*** Block opens ***
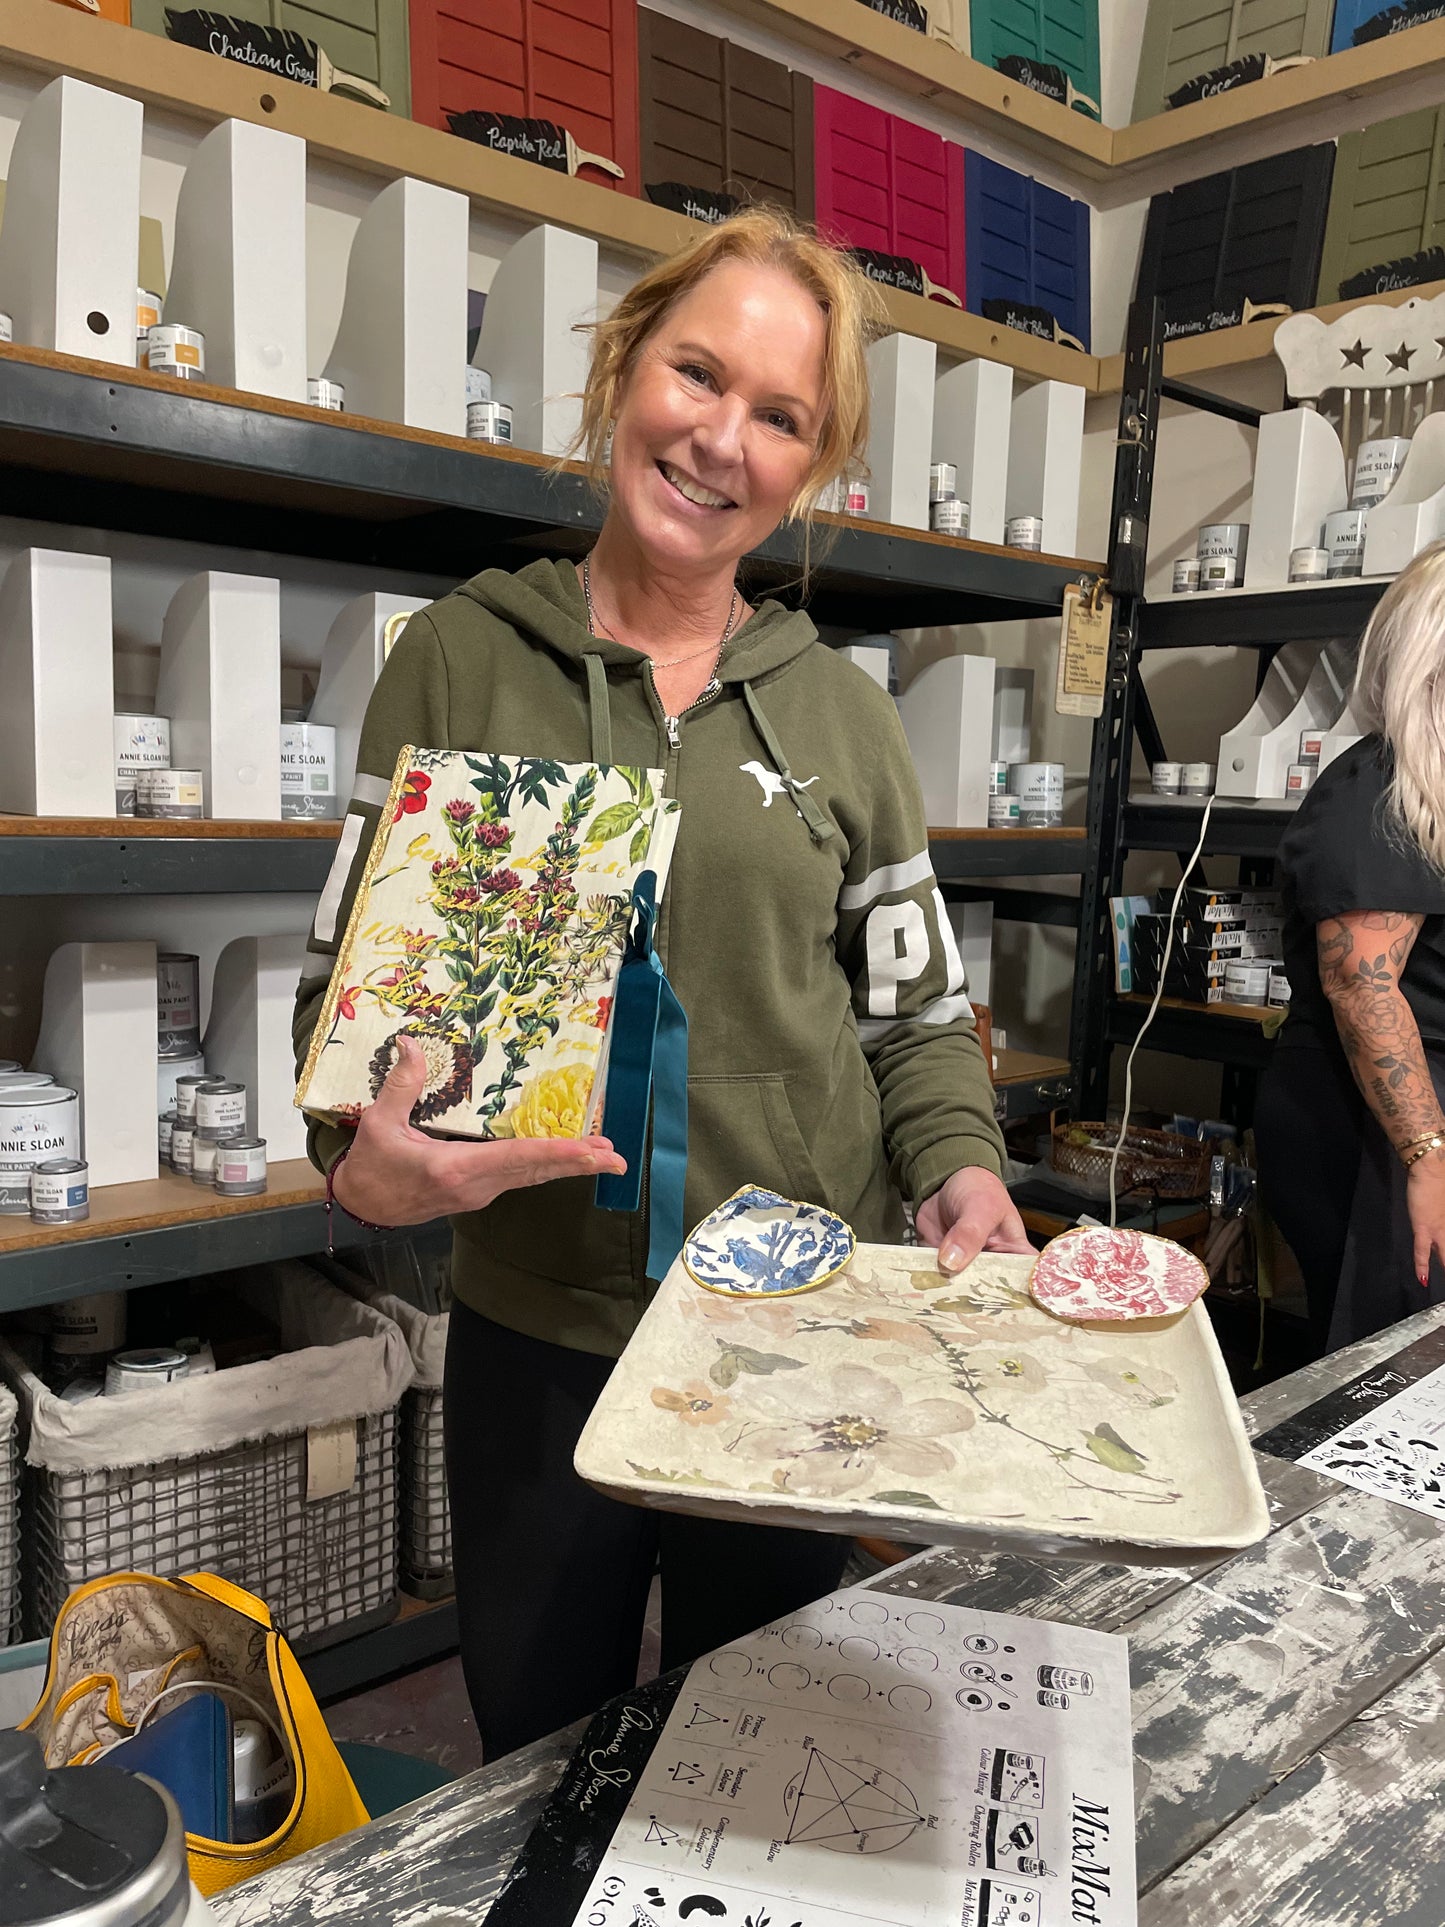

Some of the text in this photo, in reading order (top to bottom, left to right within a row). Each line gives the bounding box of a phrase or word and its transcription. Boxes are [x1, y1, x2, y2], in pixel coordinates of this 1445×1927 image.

[209, 31, 319, 86] Chateau Grey
[1201, 74, 1241, 100] Coco
[487, 127, 566, 161] Paprika Red
[865, 262, 922, 291] Capri Pink
[1376, 272, 1419, 294] Olive
[1006, 311, 1053, 339] Greek Blue
[1206, 311, 1240, 330] Black
[1374, 462, 1399, 471] SLOAN
[1336, 534, 1359, 543] ANNIE
[1210, 547, 1234, 556] SLOAN
[119, 753, 141, 761] ANNIE
[143, 754, 161, 762] SLOAN
[299, 754, 326, 765] SLOAN
[30, 1136, 65, 1151] SLOAN
[739, 1714, 753, 1735] Colours
[750, 1715, 766, 1738] Primary
[801, 1735, 814, 1750] Blue
[579, 1706, 653, 1812] Annie Sloan
[717, 1768, 734, 1793] Colours
[727, 1767, 748, 1799] Secondary
[974, 1748, 991, 1796] Colour Mixing
[927, 1814, 939, 1830] Red
[695, 1826, 712, 1854] Colours
[701, 1816, 730, 1872] Complementary
[968, 1804, 985, 1868] Charging Rollers
[766, 1838, 783, 1863] Yellow
[1071, 1792, 1111, 1925] MixMat
[964, 1879, 977, 1901] Mark
*** Block closes ***
◆ **Task brief**:
Please set down the data above exactly as given, leaving every picture out.

◆ **Output of the task**:
Some of the text in this photo, in reading order (top to bottom, left to right within a row). Each line gives the bounding box of a phrase or word and its transcription. Boxes are [x1, y1, x2, y2], in pixel coordinates of this 1445×1927 image.

[209, 31, 319, 86] Chateau Grey
[1201, 74, 1241, 100] Coco
[487, 127, 566, 161] Paprika Red
[865, 262, 922, 291] Capri Pink
[1376, 272, 1419, 294] Olive
[1006, 311, 1053, 339] Greek Blue
[1206, 311, 1240, 330] Black
[1374, 462, 1399, 471] SLOAN
[1336, 534, 1359, 543] ANNIE
[1210, 547, 1234, 556] SLOAN
[119, 753, 141, 761] ANNIE
[143, 754, 161, 762] SLOAN
[299, 754, 326, 765] SLOAN
[30, 1136, 65, 1151] SLOAN
[739, 1714, 753, 1735] Colours
[750, 1715, 766, 1738] Primary
[801, 1735, 814, 1750] Blue
[579, 1706, 653, 1812] Annie Sloan
[717, 1768, 734, 1793] Colours
[727, 1767, 748, 1799] Secondary
[974, 1748, 991, 1796] Colour Mixing
[927, 1814, 939, 1830] Red
[695, 1826, 712, 1854] Colours
[701, 1816, 730, 1872] Complementary
[968, 1804, 985, 1868] Charging Rollers
[766, 1838, 783, 1863] Yellow
[1071, 1792, 1111, 1925] MixMat
[964, 1879, 977, 1901] Mark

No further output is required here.